Analysts were expecting that the US stocks report would show crude and gasoline supplies were continuing to rise, so it came as a surprise when Wednesday’s report showed a slight drop in US inventories on increased refinery operating rates. Flooding along the Mississippi is also causing some disruptions to oil supplies, but the threat to the 10 refineries along the lower Mississippi appears to be abating as a large share of the flood water is being diverted down the Atchafalaya.
US retail gasoline prices continue to fall slowly as gasoline futures in NY hovered below $2.95 a gallon, down 45 cents from the high of $3.40 reached three weeks ago. Despite the 45 cent a gallon drop in wholesale prices, retail prices are down only 12 cents a gallon, leading to charges of price gouging by the oil industry.
At week’s end, the API issued a report pointing out that the demand for distillates in April was up by 5.2 percent over last year. However, the EIA reported on Wednesday that total demand for oil products over the last four weeks was 18.7 million b/d, down 2.9 percent from a similar period last year.
After Baker-Hughes reported that the number of rigs drilling for natural gas fell for the second time last week to the lowest level in 16 months, natural gas prices rose 3.3 percent to close at $4.32 per million BTUs.
2. Energy shortages spreading
Pakistan and China continue to top the list of countries with the most serious power shortages.
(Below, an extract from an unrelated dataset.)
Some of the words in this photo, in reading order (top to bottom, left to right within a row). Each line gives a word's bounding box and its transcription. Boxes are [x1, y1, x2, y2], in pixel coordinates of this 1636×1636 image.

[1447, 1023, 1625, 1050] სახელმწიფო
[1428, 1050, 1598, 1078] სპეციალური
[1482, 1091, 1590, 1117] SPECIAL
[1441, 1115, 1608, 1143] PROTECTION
Last week brought in reports of energy shortages developing or worsening in Egypt, Guyana, the Dominican Republic, India, Japan, El Salvador, Bangladesh, Libya, Mozambique, Nepal, Venezuela, Argentina, Zimbabwe, Kenya, and Tanzania. Most of the reported shortages are of electric power caused by inadequate water levels at hydro dams or insufficient coal, but some of these shortages stem from unaffordable oil prices or the inability to import sufficient quantities of liquid fuels.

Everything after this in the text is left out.